Question

A softball of mass 0.220 kg that is moving with a speed of 5.5 m/s (in the positive direction) collides head-on and elastically with another ball initially at rest. Afterward the incoming softball bounces backward with a speed of 3.9 m/s. (a) Calculate the velocity of the target ball after the collision. (b) Calculate the mass of the target ball.

Answer 1

Answer:

The velocity and mass of the target ball are 1.6 m/s and 1.29 kg.

Explanation:

Given that,

Mass of softball = 0.220 kg

Speed = 5.5 m/s

(a).
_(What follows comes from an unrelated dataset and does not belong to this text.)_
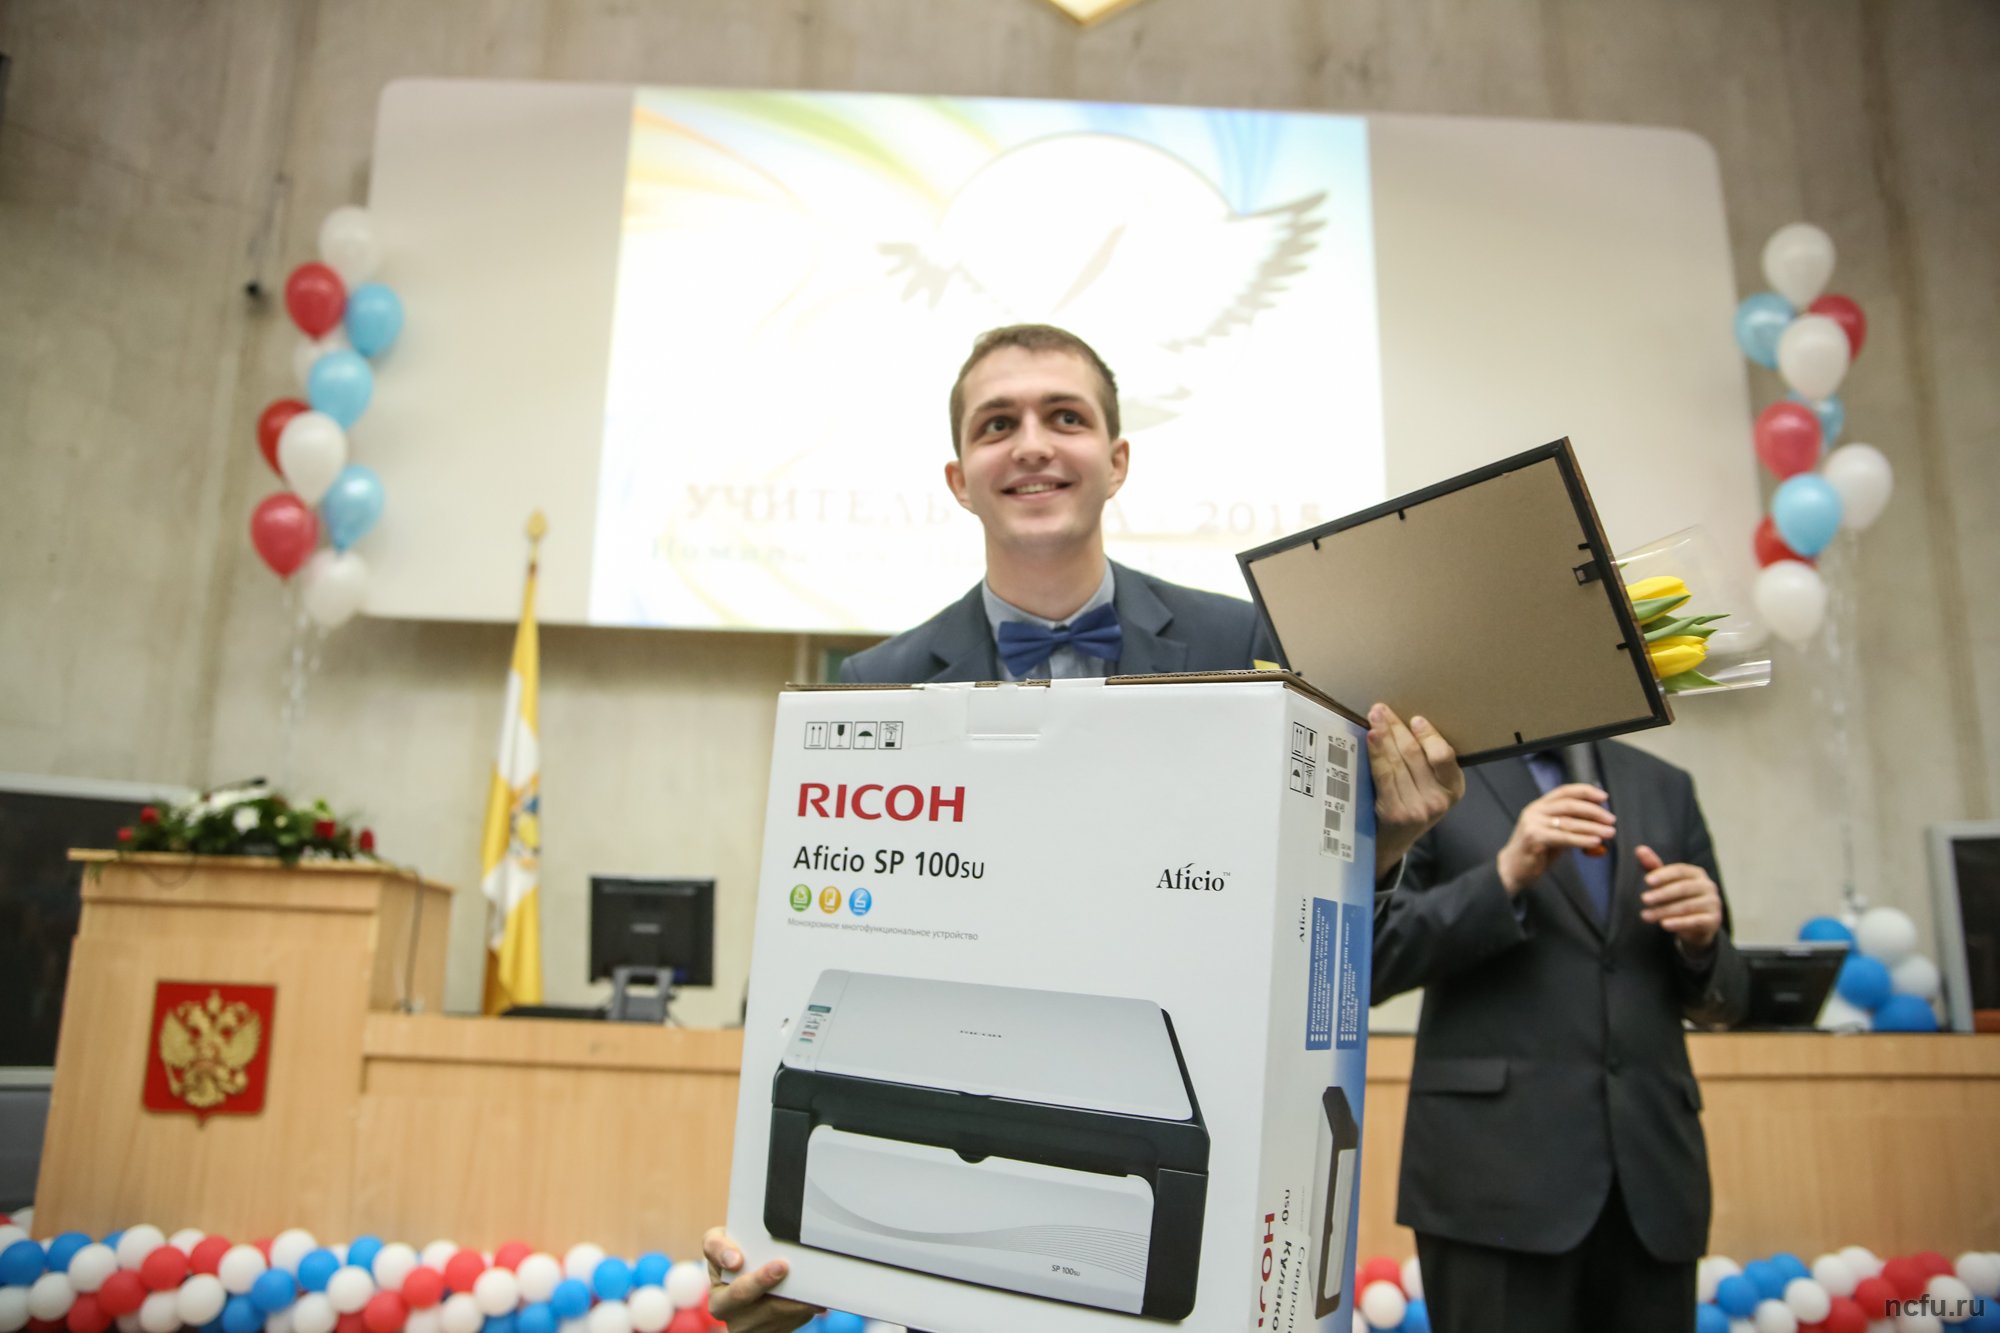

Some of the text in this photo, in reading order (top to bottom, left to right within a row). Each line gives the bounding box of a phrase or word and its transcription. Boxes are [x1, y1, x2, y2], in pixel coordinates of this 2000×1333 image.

[797, 783, 966, 822] RICOH
[793, 845, 865, 872] Aficio
[874, 849, 904, 874] SP
[787, 917, 980, 942] Монохромное многофункциональное устройство
We need to calculate the velocity of the target ball

Using conservation of momentum

$m_{1}u_{1}+m_{2}u_{2}=m_{1}v_{1}+m_{2}v_{2}$

$0.220\times5.5+m_{2}\times0=0.220\times(-3.9)+m_{2}v_{2}$

$1.21=-0.858+m_{2}v_{2}$

$m_{2}v_{2}=2.068$....(I)

The velocity approach is equal to the separation of velocity

$u_{1}-u_{2}=v_{2}-v_{1}$

$5.5-0=v_{2}-(-3.9)$

$v_{2}=1.6\ m/s$

(b). We need to calculate the mass of the target ball

Now, Put the value of v₂ in equation (I)

$m_{2}\times1.6=2.068$

$m_{2}=\dfrac{2.068}{1.6}$

$m_{2}=1.29\ kg$

Hence, The velocity and mass of the target ball are 1.6 m/s and 1.29 kg.